There are automated processes to try and retrieve an account whenever a user is locked out, including contacting Meta by phone or email, which is often a fruitless endeavor.

The term “Oops,” which stands for Online Operations, is meant to be used only in exceptional situations, such as those involving close friends, family, business partners, and public figures who want to get help ahead of the queue. It handled more than 50,000 tasks in 2020, up from 22,000 just three years prior. The employee or contractor provides an email address to be reset in order to submit a Oops report. A series of questions must be addressed, according to the Journal, including if the request is being made for a member of CEO Mark Zuckerberg’s staff, a famous person, a partner at Meta, or a relative.

Because so many people depend on social media for their businesses, or to manage critically important aspects of their lives, gaining illicit control of an account can be lucrative. Stolen Facebook and Instagram handles can be sold for tens of thousands of dollars on other online forums.

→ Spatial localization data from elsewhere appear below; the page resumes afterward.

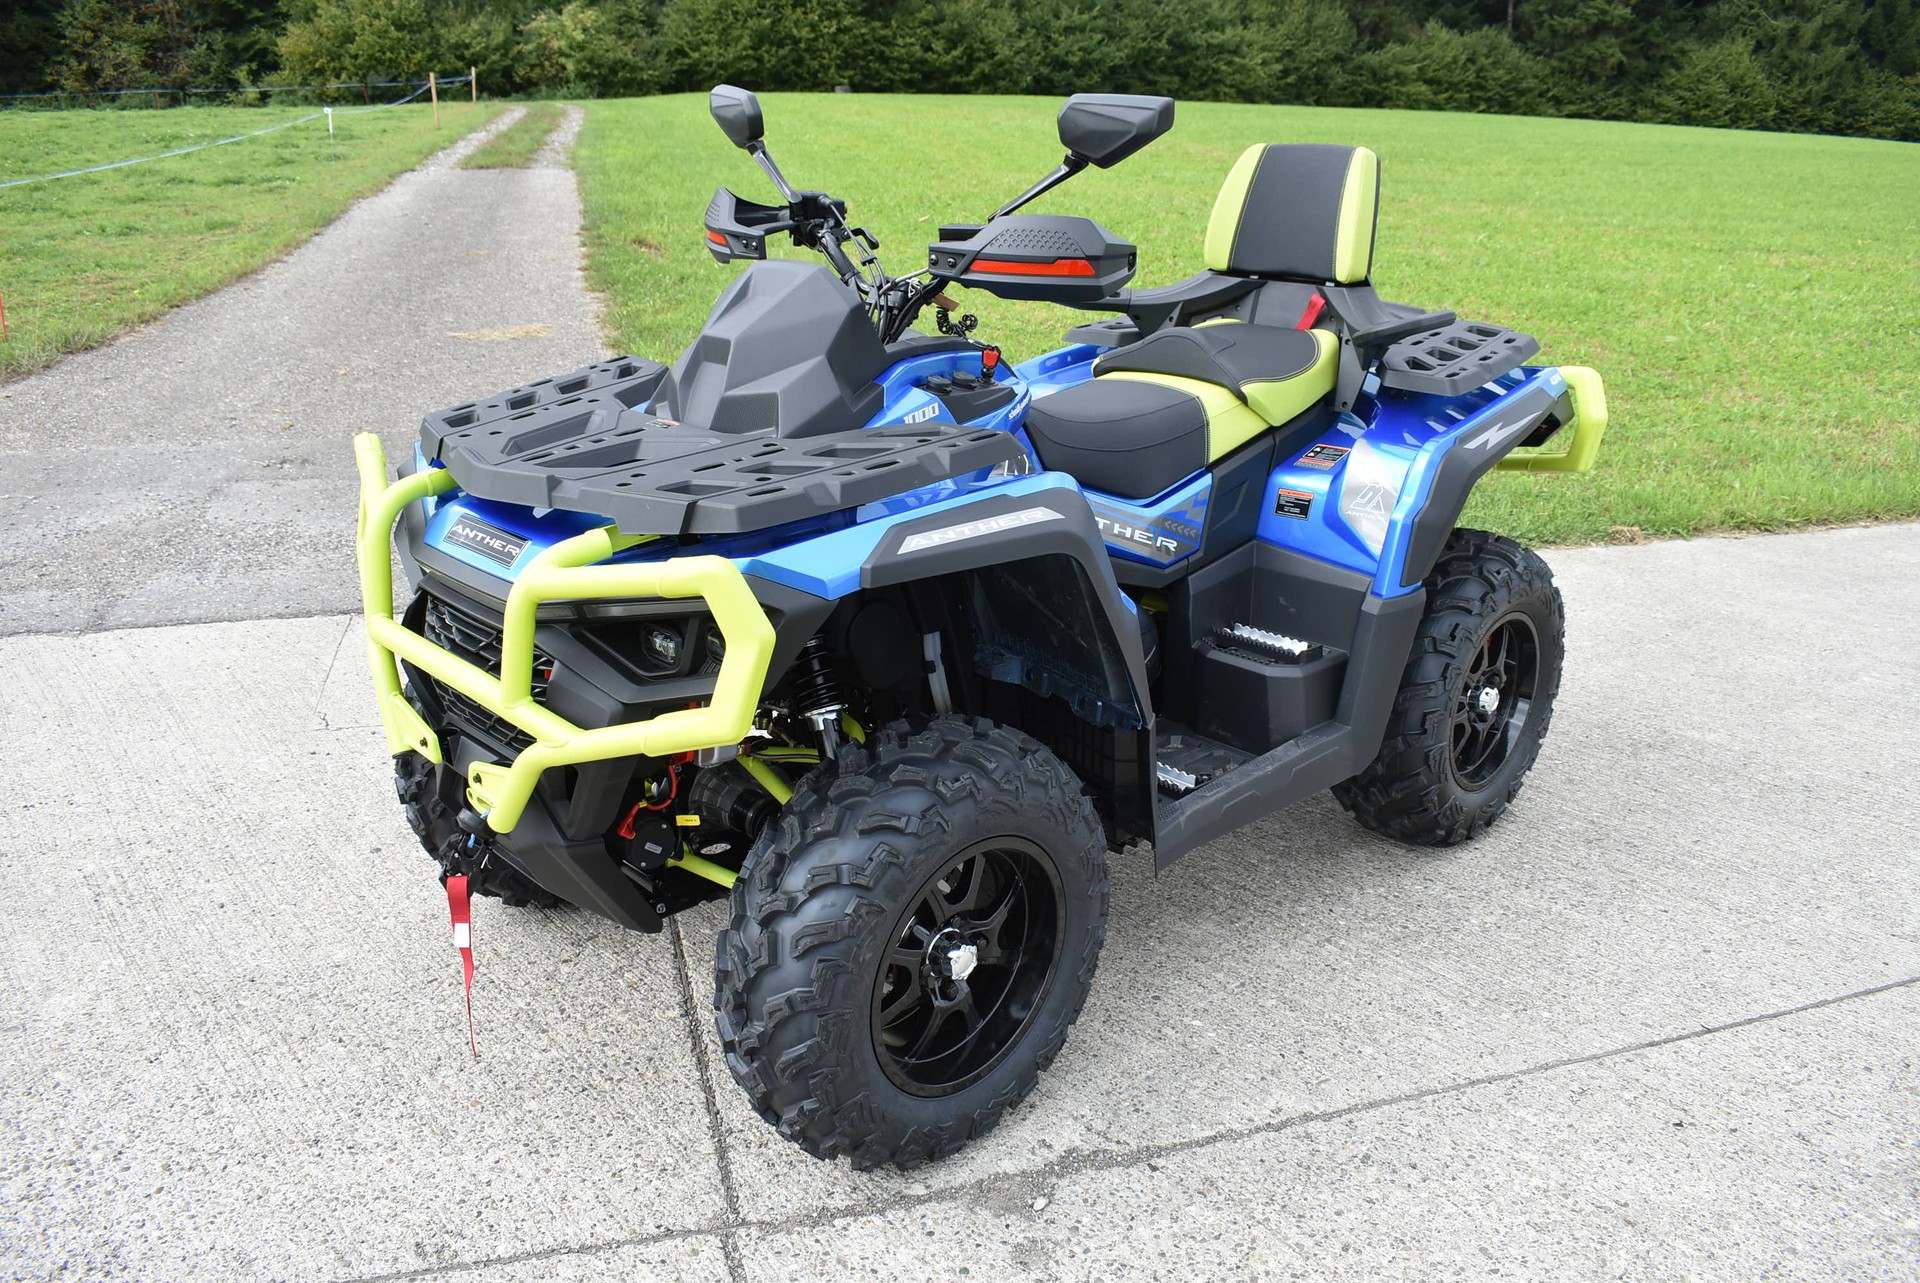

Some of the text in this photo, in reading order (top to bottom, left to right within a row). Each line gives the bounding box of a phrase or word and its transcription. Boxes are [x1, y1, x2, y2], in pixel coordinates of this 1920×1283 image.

[452, 524, 520, 557] ANTHER
[908, 510, 1046, 549] ANTHER
[1095, 516, 1178, 551] THER
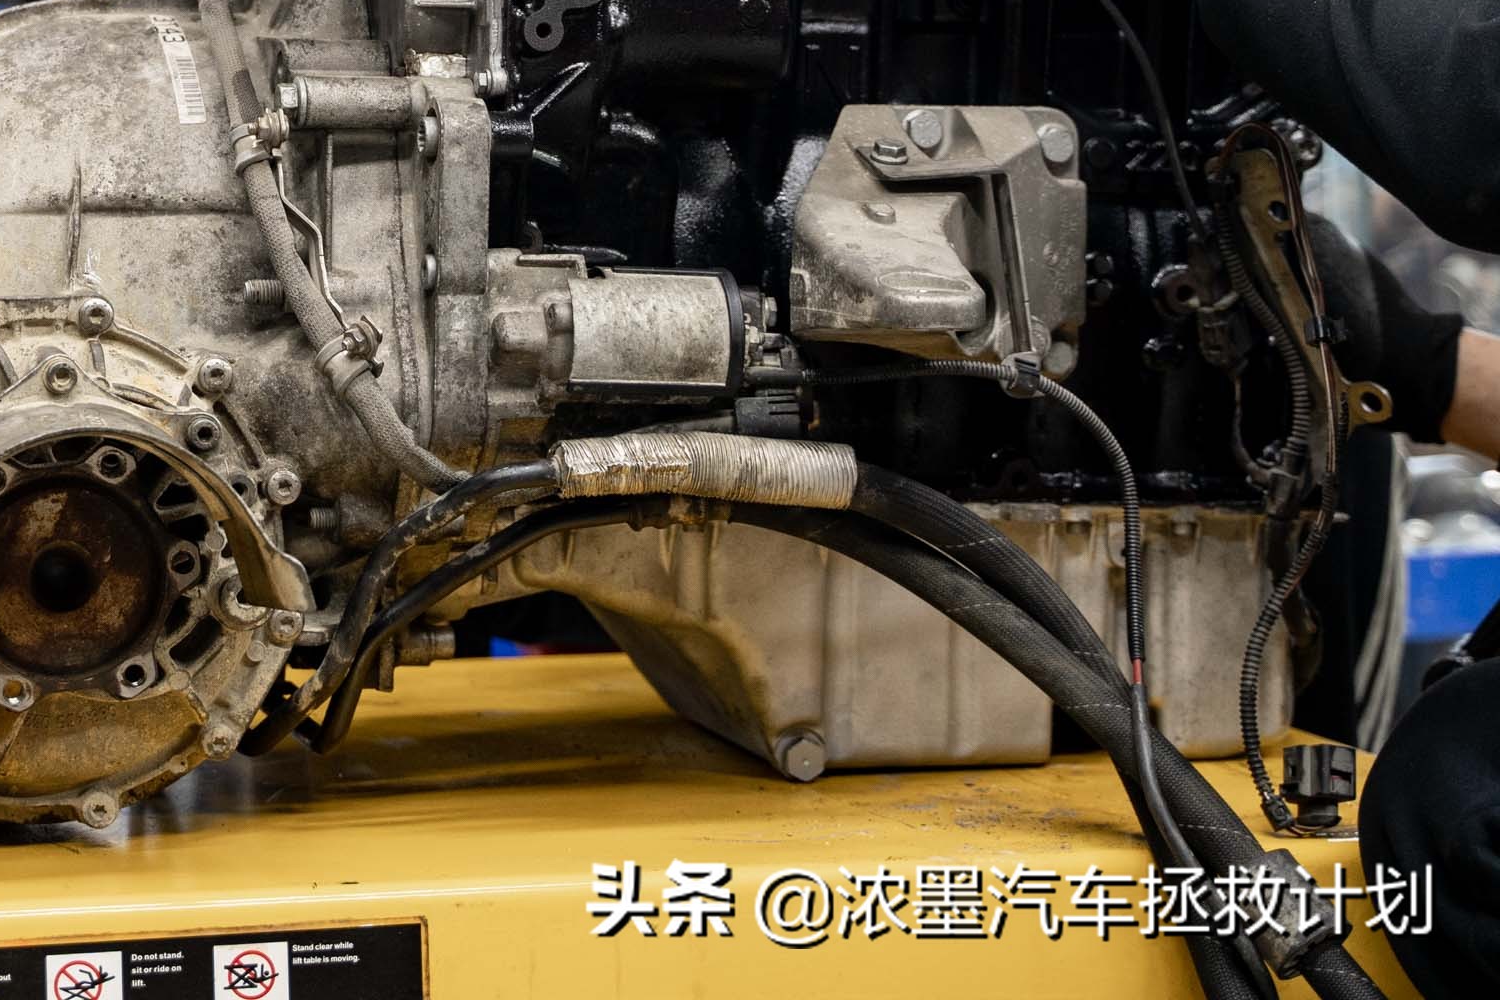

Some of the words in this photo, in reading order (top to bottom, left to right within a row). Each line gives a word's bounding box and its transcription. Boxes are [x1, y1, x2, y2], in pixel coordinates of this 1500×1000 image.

[292, 943, 314, 952] Stand
[334, 941, 354, 949] while
[131, 953, 143, 961] Do
[144, 952, 158, 960] not
[292, 956, 303, 965] lift
[303, 955, 322, 964] table
[322, 955, 330, 963] is
[330, 953, 360, 963] moving.
[131, 966, 143, 974] sit
[131, 979, 147, 987] lift.
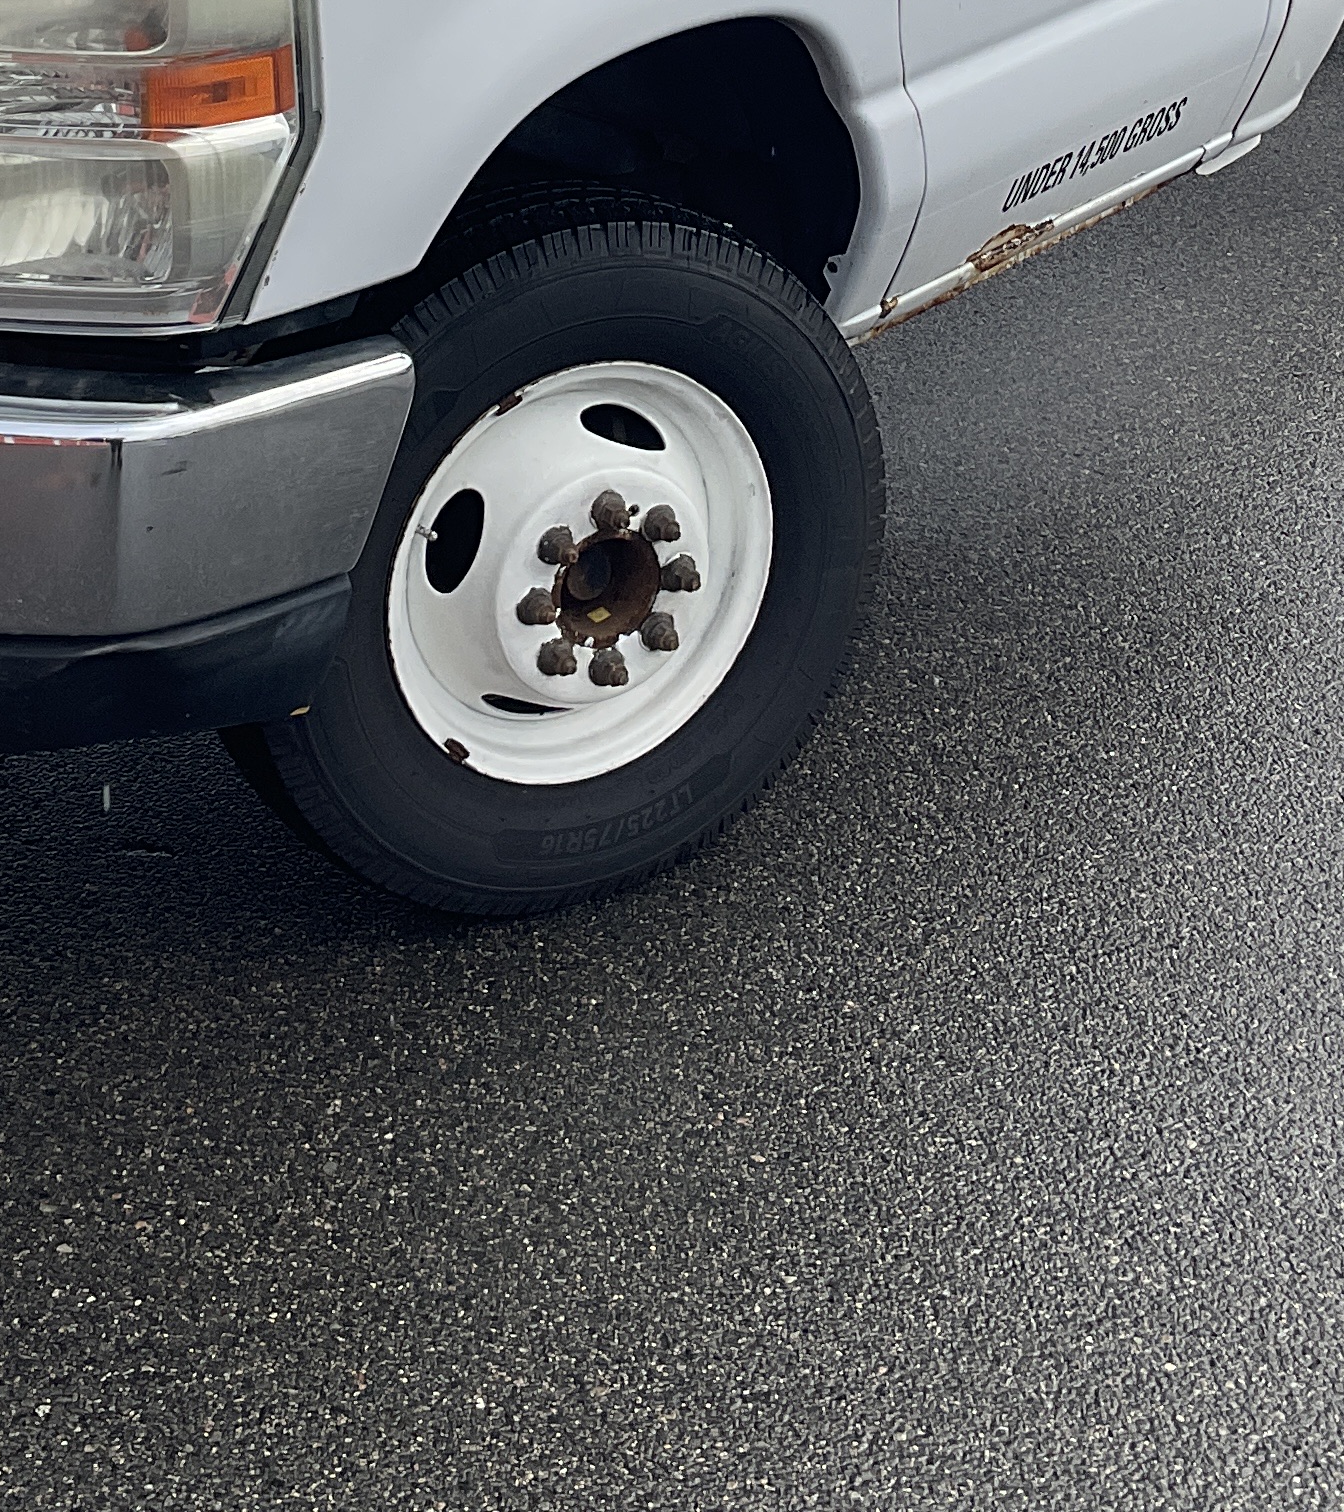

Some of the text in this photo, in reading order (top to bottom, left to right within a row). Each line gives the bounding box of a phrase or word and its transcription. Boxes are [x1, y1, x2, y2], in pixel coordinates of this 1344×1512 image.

[1001, 96, 1188, 213] UNDER 14,500 GROSS

But in part because the Oops system is off limits to the vast majority of Facebook users, a cottage industry of intermediaries has developed who charge users money to regain control of their accounts. In interviews with the Journal, some of those third parties claim to have access to Meta employees to help reset accounts.

-WSJ

“When you take someone’s Instagram account down that they’ve spent years building up, you’re taking away their whole means of generating an income,” said Nick McCandless, whose organization McCandless Group currently runs a platform for content creators and charges people to reset their accounts via an inside contact at Meta.

“You really have to have someone on the inside who will actually do it.”